Ela pousou a mão sobre a minha cabeça e sorriu, me encorajando como sempre fazia. Foi ali, pela primeira vez, que eu vi vantagem em ser pequeno, afinal, eu cabia em todos os menores espaços, onde as pessoas se apertavam. Eu olhei todas as prateleiras e, quando ficava assustado, checava minha pulseira de elos coloridos e sabia que caminho tomar até encontrar minha Babá. Não tenho certeza quanto tempo fiquei na Floreios e Borrões mas sei que não fui apressado, só saí de lá depois que escolhi três novos livros e quando me dei por satisfeito, para encontrar a Sra. Carson lendo um novo romance de mistério e meu caldeirão abarrotado de livros didáticos novos.

Depois de todas as compras necessárias, a Sra.
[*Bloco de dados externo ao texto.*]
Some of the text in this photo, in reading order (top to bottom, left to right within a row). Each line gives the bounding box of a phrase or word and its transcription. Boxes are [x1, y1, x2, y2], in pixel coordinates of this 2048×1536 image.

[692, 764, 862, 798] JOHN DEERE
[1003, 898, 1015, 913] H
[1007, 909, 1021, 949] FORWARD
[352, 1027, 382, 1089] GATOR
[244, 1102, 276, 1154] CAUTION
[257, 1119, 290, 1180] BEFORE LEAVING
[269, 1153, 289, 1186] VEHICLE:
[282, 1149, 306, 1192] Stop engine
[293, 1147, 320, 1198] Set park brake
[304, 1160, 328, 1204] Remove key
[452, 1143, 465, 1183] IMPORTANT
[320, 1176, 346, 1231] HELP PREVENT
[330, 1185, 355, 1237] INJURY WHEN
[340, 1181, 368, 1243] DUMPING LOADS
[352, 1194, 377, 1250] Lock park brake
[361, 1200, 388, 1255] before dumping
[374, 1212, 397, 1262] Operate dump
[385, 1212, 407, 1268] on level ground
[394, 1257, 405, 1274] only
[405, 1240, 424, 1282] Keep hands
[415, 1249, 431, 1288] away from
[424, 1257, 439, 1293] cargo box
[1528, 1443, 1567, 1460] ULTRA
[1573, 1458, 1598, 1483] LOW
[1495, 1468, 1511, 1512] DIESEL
Carson me levou para ver todas as outras lojas e foi incrível. Porém, para a surpresa de minha Babá, eu não demonstrei o mínimo interesse por vassouras de corrida ou materiais de Quadribol. Meus pais gostavam bastante do esporte e até iam a jogos, quando a seleção inglesa jogava, portanto eu fui a alguns deles, mas eu nunca consegui gostar, de fato. Na verdade, até os dias de hoje eu não tenho interesse em pessoas voando de vassoura, passando bola, se empurrando e correndo atrás de uma noz alada.

— Tudo bem que não goste de Quadribol, Mestre Marcus. Mas você precisa se divertir, portanto vou te dar um presente. Eu vou até a Gambol & Japes e você vai comprar o seu pet, pode ser?
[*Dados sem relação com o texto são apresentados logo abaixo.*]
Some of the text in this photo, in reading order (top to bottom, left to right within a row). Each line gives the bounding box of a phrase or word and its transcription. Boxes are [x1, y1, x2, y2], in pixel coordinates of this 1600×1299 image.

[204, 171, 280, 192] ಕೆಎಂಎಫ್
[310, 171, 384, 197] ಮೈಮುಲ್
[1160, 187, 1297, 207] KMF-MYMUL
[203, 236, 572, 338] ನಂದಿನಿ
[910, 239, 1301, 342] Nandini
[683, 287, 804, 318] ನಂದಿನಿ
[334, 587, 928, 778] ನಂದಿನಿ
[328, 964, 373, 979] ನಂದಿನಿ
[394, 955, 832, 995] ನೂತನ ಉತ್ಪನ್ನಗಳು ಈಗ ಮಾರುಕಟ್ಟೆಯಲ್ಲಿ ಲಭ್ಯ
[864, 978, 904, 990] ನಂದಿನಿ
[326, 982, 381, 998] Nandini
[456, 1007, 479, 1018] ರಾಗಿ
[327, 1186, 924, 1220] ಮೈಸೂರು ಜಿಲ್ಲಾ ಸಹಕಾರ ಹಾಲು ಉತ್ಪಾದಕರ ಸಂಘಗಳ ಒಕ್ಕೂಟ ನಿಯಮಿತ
— Pode sim, Senhora Carson. Mas eu não sei o que comprar. Eu não quero um gato, porque meu pai é alérgico e vai matar o bichinho se eu chegar em casa com um. Penso que ratos são asquerosos e prefiro os sapos nas fontes e lagos, onde podem ser úteis, comendo insetos…
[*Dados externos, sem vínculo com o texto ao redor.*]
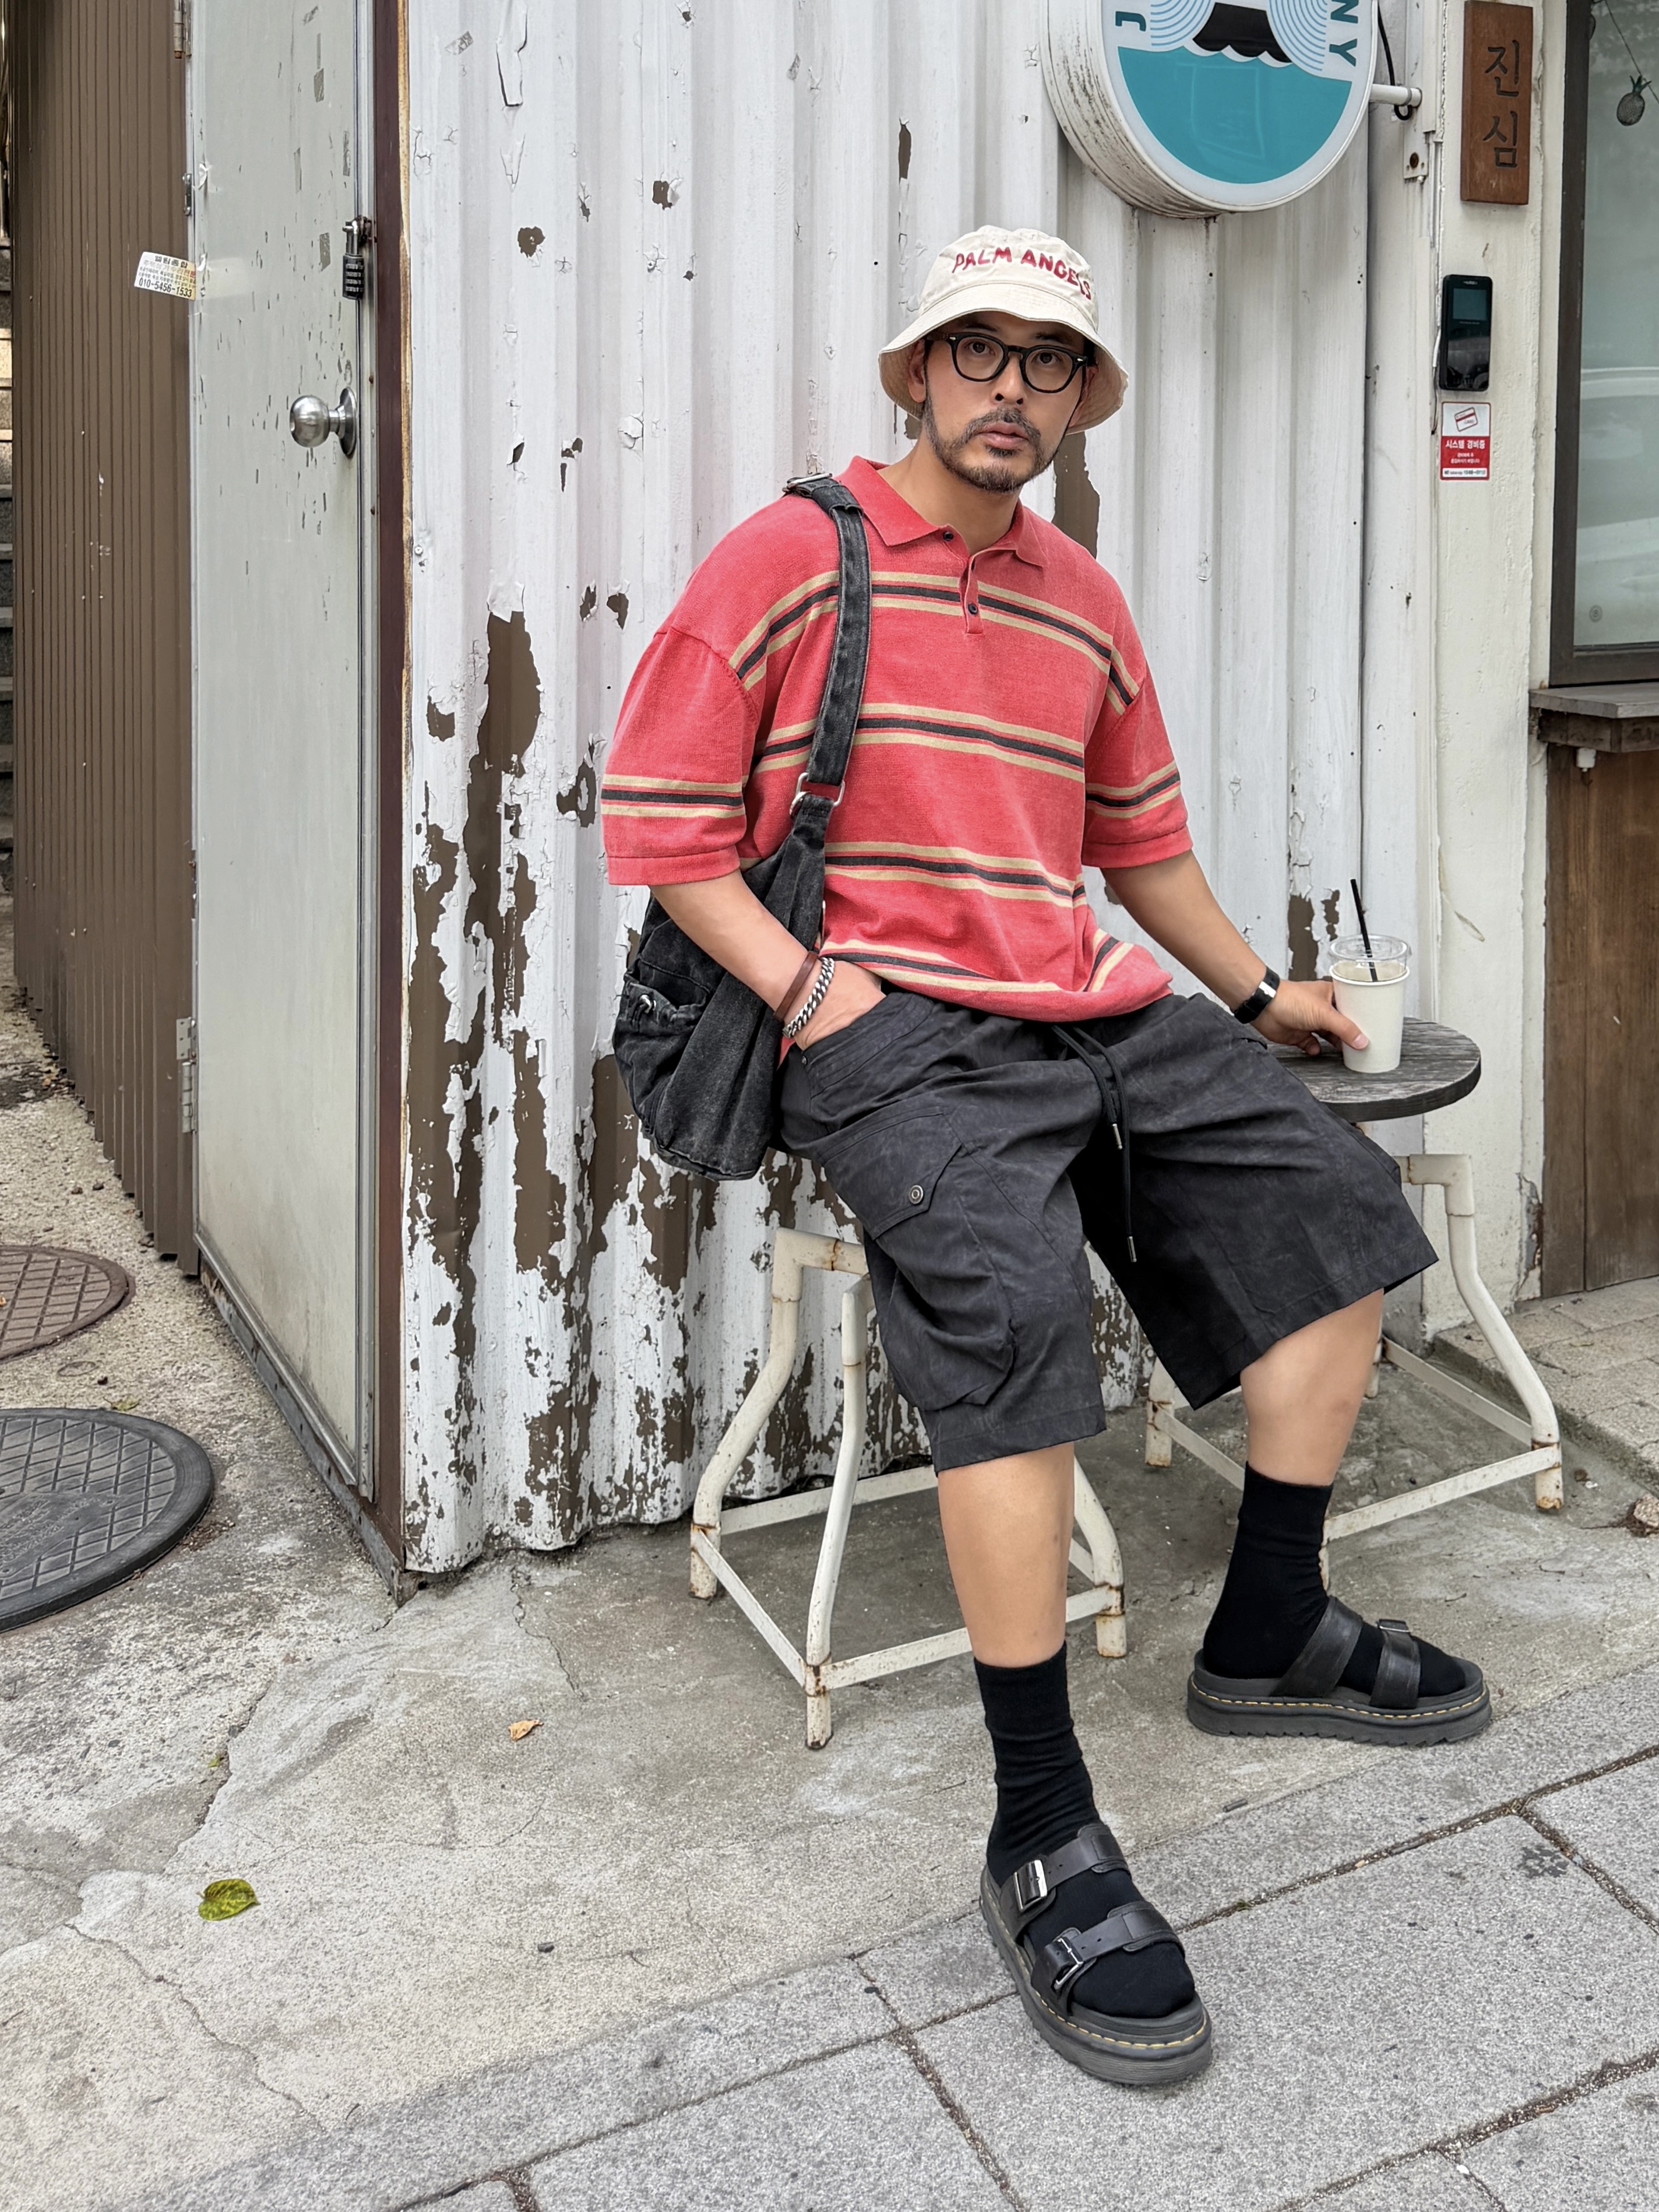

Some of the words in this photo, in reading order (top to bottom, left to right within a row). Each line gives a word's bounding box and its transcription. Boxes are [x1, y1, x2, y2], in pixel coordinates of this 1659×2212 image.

[1483, 39, 1520, 168] 진심
[952, 247, 1012, 273] PALM
[139, 278, 192, 297] 010-5456-1533
[1445, 439, 1465, 449] 시스템
[1467, 439, 1485, 449] 경비중
— Ora então compre uma coruja. Ela ficará no corujal de Hogwarts com as outras corujas da escola e você não precisará nem dar de comer a ela, mas sempre terá alguém para chamar que virá até você e será fiel, não importa o que aconteça. – Eu olhei para minha Babá como se ela tivesse feito a descoberta do século.

— Boa ideia! – Eu exclamei feliz – Obrigado, Senhora Carson!

— Não há de que, garoto – Ela sorriu de volta – Nos encontramos em dez minutos em frente a Florean Fortescue, combinado?

— Combinado!

Ela desceu a rua e eu subi. A cada passo, um elo da pulseira aumentava e eu tinha a segurança de que tudo estava bem e que eu não estava sozinho. Cheguei finalmente ao Empório das Corujas. Respirei fundo e passei pela pequena porta, fingindo uma confiança que eu definitivamente não tinha. O empório era escuro e cheirava a excremento de ave. Dezenas de pares de olhos de tamanhos diversos olhavam para mim e me acompanhavam enquanto eu ia em direção ao balcão.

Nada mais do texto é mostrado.